Dec 16, 2021 - Politics & Policy

GOP primary fights are already getting nasty

Illustration of several versions of the elephant from the Republican Party logo stampeding and kicking up dust.

Illustration: Brendan Lynch/Axios

Republicans are facing crowded and increasingly nasty gubernatorial primaries in at least six states so far — with candidates sizing each other up over Donald Trump, election conspiracies and COVID-19 mandates.

Why it matters: These races are a snapshot of how the GOP is changing in real time ahead of the 2022 midterms. The party infighting threatens its ability to win elections, since the primary battles risk weakening their eventual nominees for the general election.

  • Republicans in Arizona are already worried, CNN reported.
  • It's still early in the 2022 midterm cycle, though, and some Republican officials overseeing governors' races maintain they'll have strong nominees regardless of how the primaries unfold.

The Democrats' own disarray has been front and center as they've negotiated over massive infrastructure and social spending bills in Washington.

  • And incumbent Democrats are taking the left's threat of primary challenges more seriously than ever — they started raising money in July to ward off any potential challengers in 2022.

The backdrop: Georgia, Arizona, Michigan, Nevada, Pennsylvania and Idaho have drawn anywhere from two to 12 Republican candidates vying for the governor's mansion.

  • A common theme is at least one Republican who's campaigning heavily on — and, at times, questioning others about — some of former President Trump's greatest concerns: the 2020 election results and the coronavirus pandemic.

The big picture: Georgia is the epicenter of the battle over 2020's legitimacy and voting rights.

  • Gov. Brian Kemp, a Republican who Trump believes didn't do enough to overturn his loss in Georgia, is now facing a Trump-backed challenger in former Sen. David Perdue.
  • Perdue told Axios' Emma Hurt if he had been governor during the presidential election, he wouldn't have certified the state's results in favor of Joe Biden.

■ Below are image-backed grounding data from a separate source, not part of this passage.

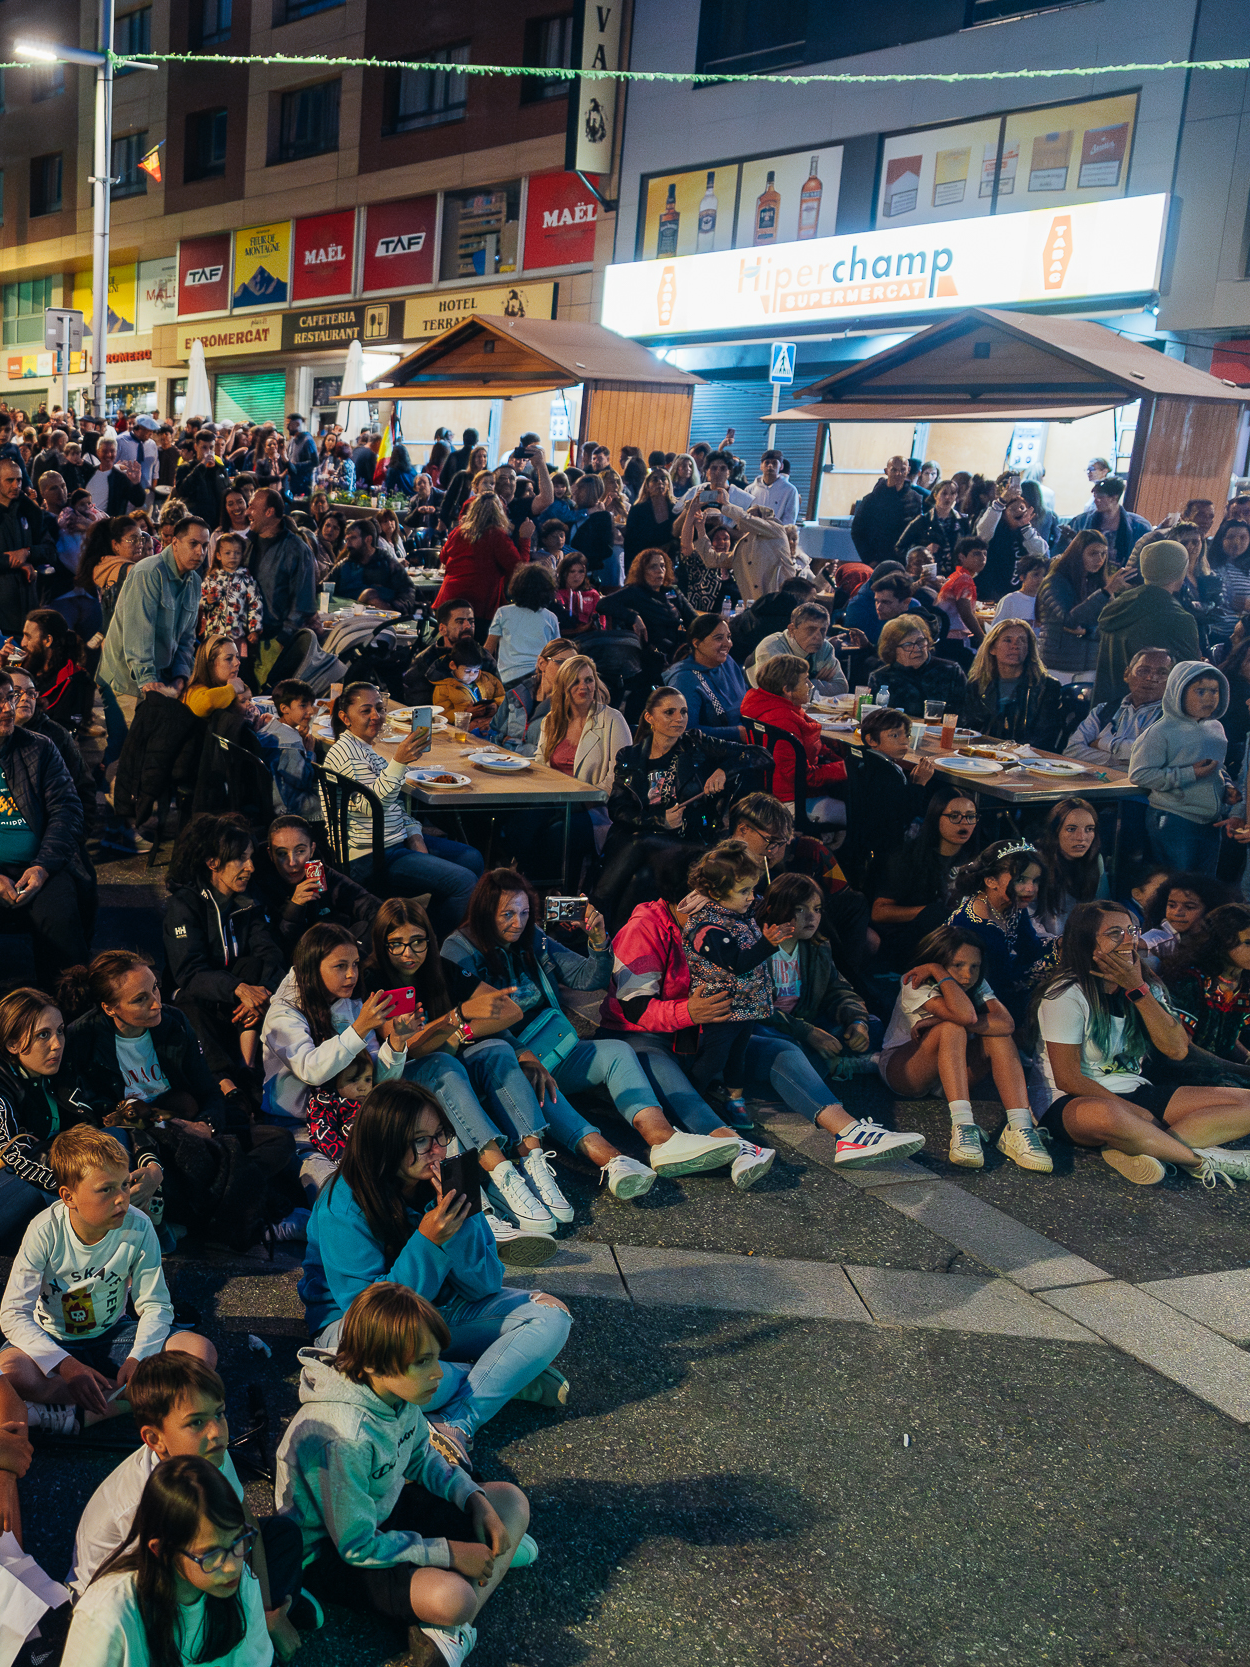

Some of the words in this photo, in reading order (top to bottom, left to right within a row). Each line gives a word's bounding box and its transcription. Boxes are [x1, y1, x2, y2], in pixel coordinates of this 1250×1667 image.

[542, 202, 597, 228] MAËL
[304, 243, 345, 266] MAËL
[380, 235, 423, 254] TAF
[189, 267, 221, 283] TAF
[738, 245, 953, 314] Hiperchamp
[439, 298, 478, 312] HOTEL
[785, 281, 923, 309] SUPERMERCAT
[299, 311, 356, 328] CAFETERIA
[185, 327, 270, 350] EROMERCAT
[294, 327, 361, 345] RESTAURANT

In Arizona, the six-person GOP primary is made up of a Trump-backed election conspiracy theorist and former TV anchor, Kari Lake, as well as a former member of Congress and local business and political leaders.

  • At least 12 Republicans are running for governor of Michigan against Democrat Gov. Gretchen Whitmer next year — and roughly half of them don't believe Biden legitimately won last year's election.

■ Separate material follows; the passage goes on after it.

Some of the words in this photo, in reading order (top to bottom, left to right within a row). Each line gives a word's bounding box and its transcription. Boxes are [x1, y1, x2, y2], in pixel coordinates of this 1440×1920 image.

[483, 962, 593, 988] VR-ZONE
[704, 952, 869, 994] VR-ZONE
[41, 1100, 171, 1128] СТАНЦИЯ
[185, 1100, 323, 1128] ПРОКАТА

Five GOP candidates have stepped up in Nevada, so far, and several of their campaigns have embraced Trump and rejected "weak" Republicans, as one — city councilwoman Michele Fiore — said in her campaign launch ad.

  • Clark County Sheriff Joe Lombardo attacked one of his GOP opponents, former U.S. Sen. Dean Heller, for appearing weak on voter fraud.
  • And in Idaho, Trump has boosted Lt. Gov. Janice McGeachin — a challenger to Republican Gov. Brad Little, who otherwise hasn't drawn the former president's ire.
  • McGeachin "has been a true supporter of MAGA since the very beginning," Trump said in his endorsement statement.

What to watch: In Wisconsin, there's really only one serious GOP contender for governor, so far.

  • The wild card is that Trump has been trying to recruit a challenger in former Rep. Sean Duffy.